Tregs exert immunosuppressive effects via a wide range of mechanisms, including the release of IL-10. Treg-derived IL-10 has been shown to inhibit skin inflammation and to affect the recruitment of inflammatory monocytes to the liver as well as their differentiation into inflammatory DCs in the course of Trypanosoma infection. The neutralization of IL-10 in MT/ret mice delays the development of cutaneous metastases and increases the occurrence of vitiligo. Moreover, both the depletion of Tregs and the blockade of IL-10 increase the abundance of inflammatory monocytes and DCs in the skin. Thus, we speculate that Treg-derived IL-10 inhibits the recruitment of monocytes to the skin and/or their local differentiation into inflammatory DCs (Fig. 1A). Of course, IL-10 produced by other cell types might also be implicated in the control of antitumor responses. Further investigation is required to specifically assess this hypothesis.

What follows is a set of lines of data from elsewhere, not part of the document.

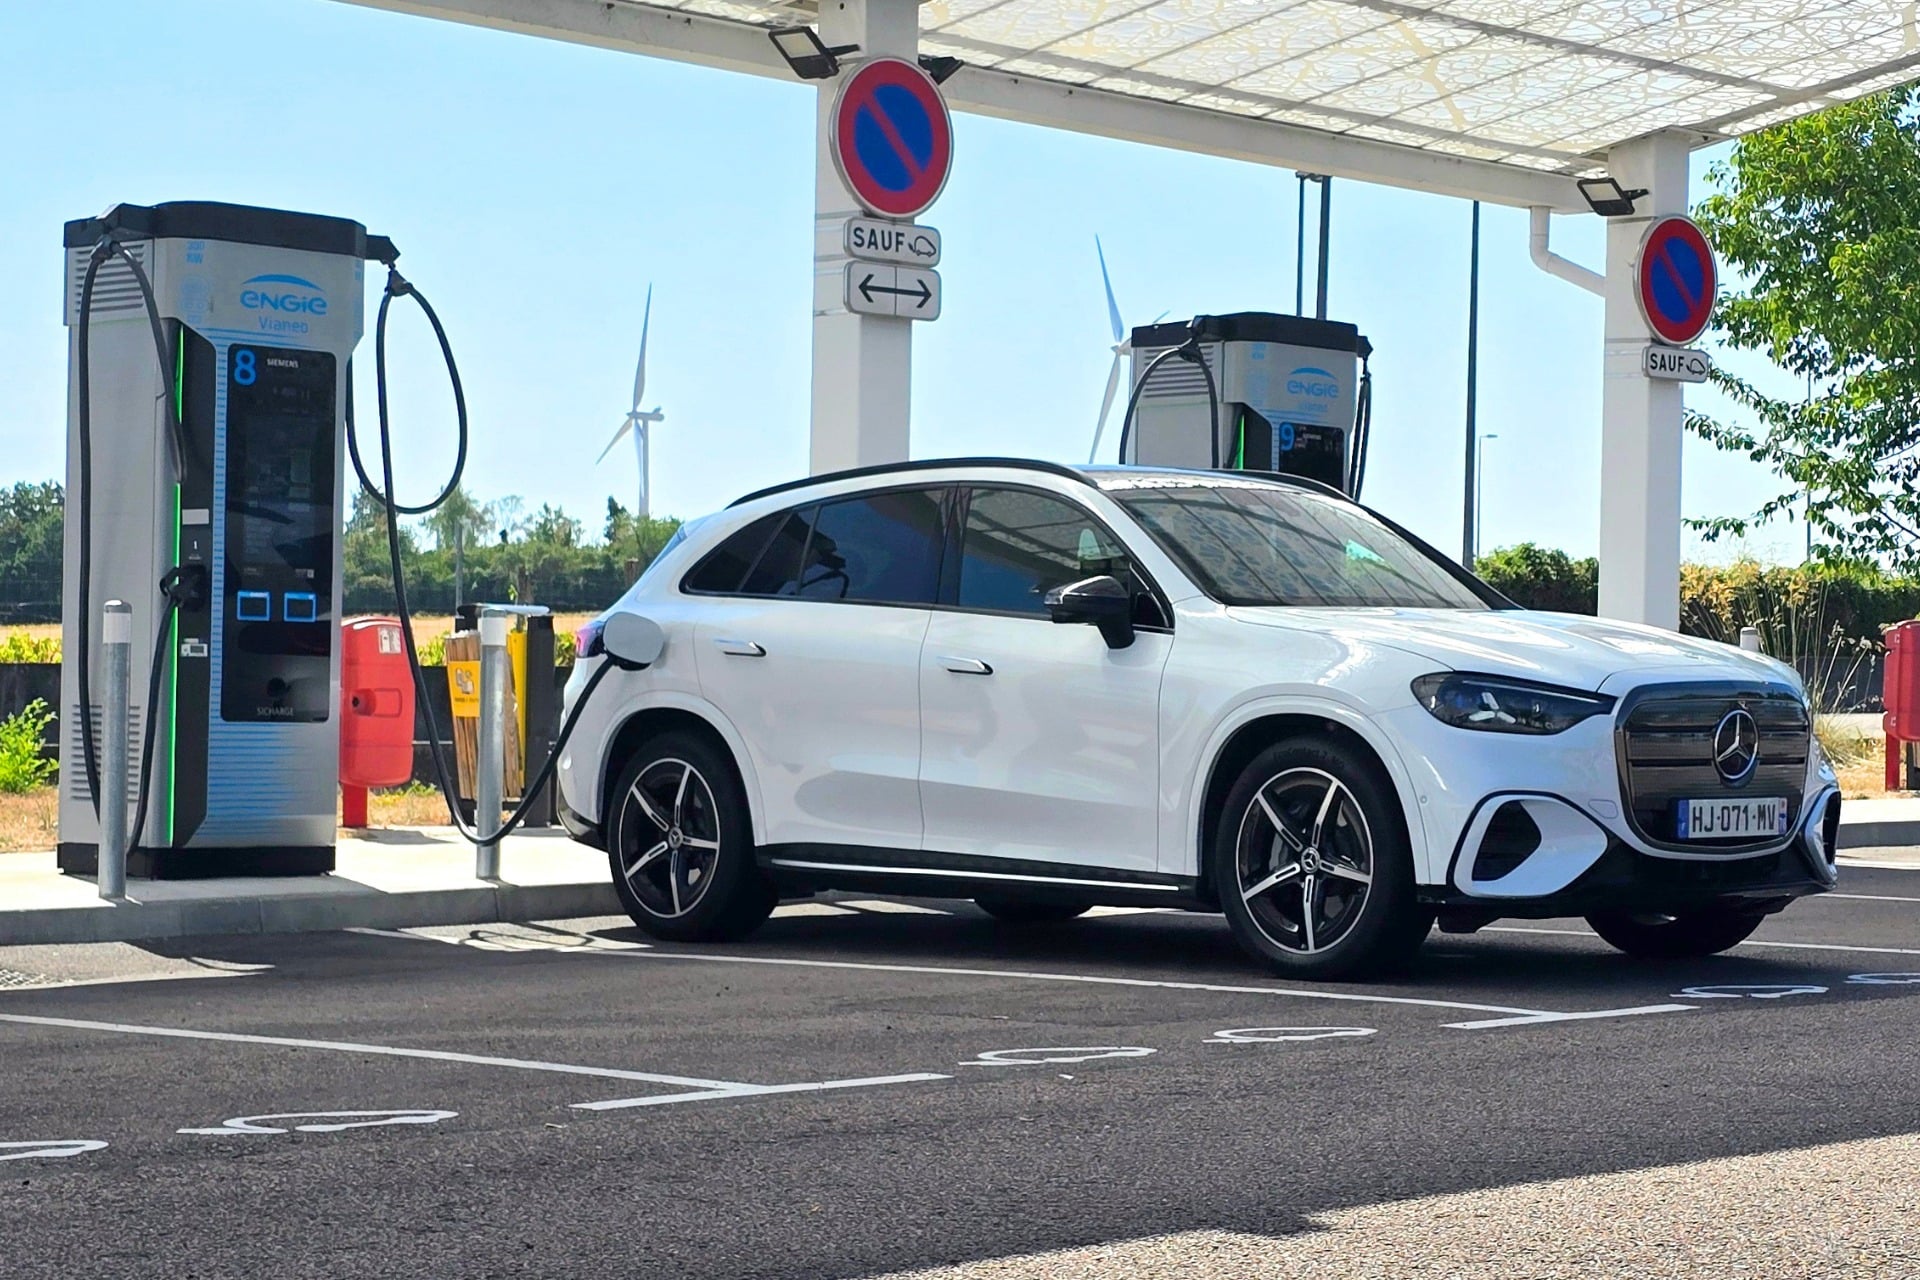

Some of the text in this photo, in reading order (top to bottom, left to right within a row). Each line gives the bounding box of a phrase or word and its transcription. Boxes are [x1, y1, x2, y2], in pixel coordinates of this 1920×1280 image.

[853, 227, 905, 252] SAUF
[259, 316, 309, 333] Vianeo
[234, 349, 256, 385] 8
[267, 358, 299, 368] SIEMENS
[1650, 353, 1684, 372] SAUF
[1280, 423, 1295, 451] 9
[257, 707, 294, 717] SICHARGE
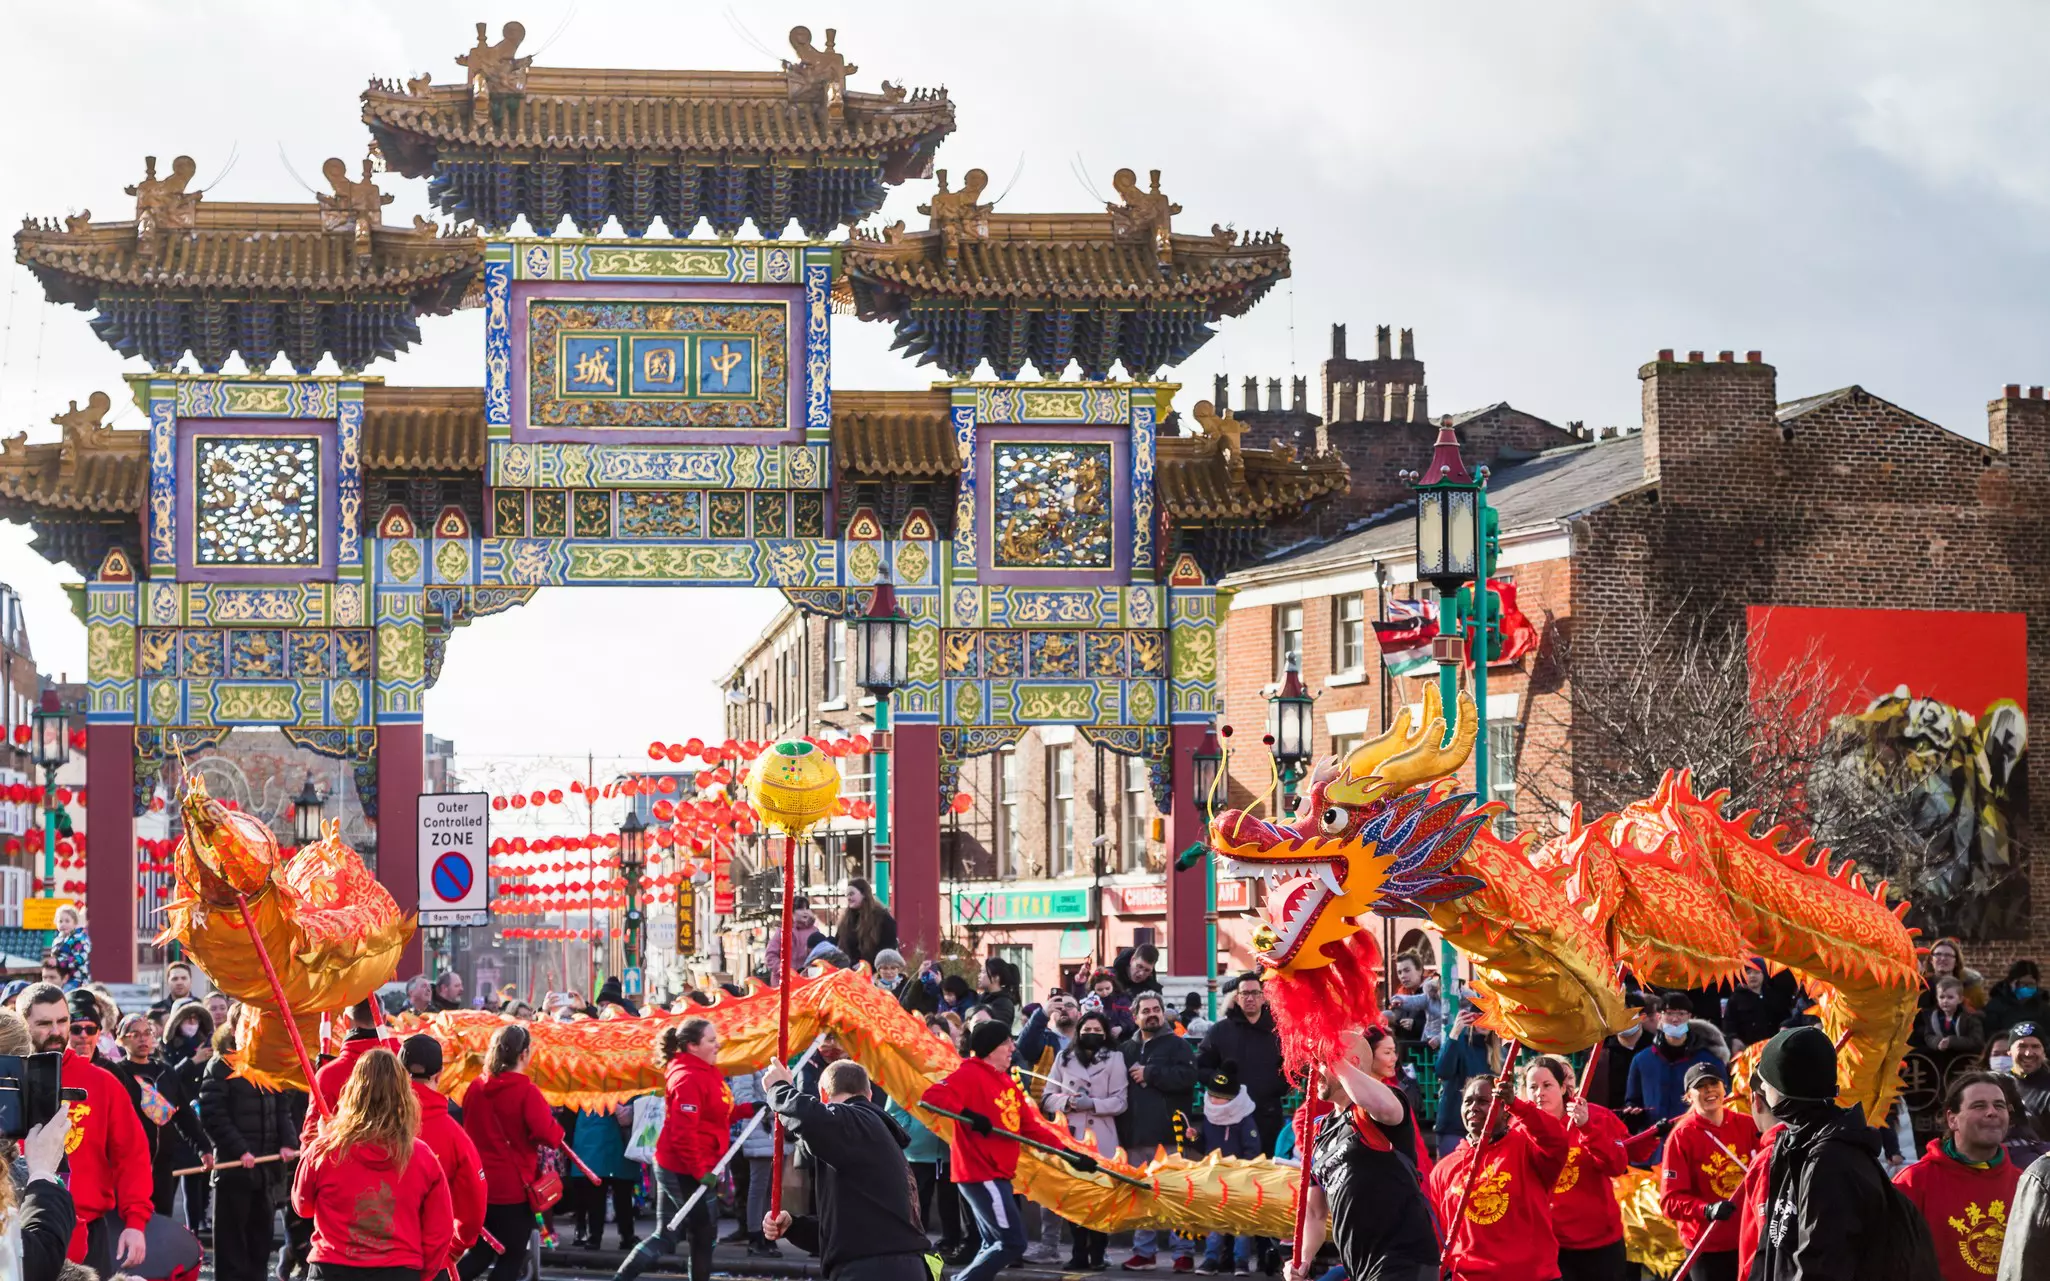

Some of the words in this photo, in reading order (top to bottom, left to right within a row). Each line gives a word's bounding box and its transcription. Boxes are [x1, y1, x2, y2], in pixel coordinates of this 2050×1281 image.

Until now, monocytic cells have been widely considered as pro-tumor cells as they facilitate the metastatic spread of malignant cells (by promoting their extravasation) and dampen antitumor immune responses. Our recent results rather suggest that inflammatory monocytes and DCs play a key role in controlling tumor dissemination. Consistent with our data, it has recently been shown that inflammatory DCs are crucial for the induction of antitumor immune responses in the course of chemotherapy. Our findings also suggest a new role for Tregs, which may favor the metastatic spread of cancer cells by inhibiting the recruitment and/or differentiation of inflammatory monocytes. Thus, likewise the majority of immune cells, myeloid cells may display either pro- or anti-tumor properties, presumably depending on contextual variables including tumor type and stage.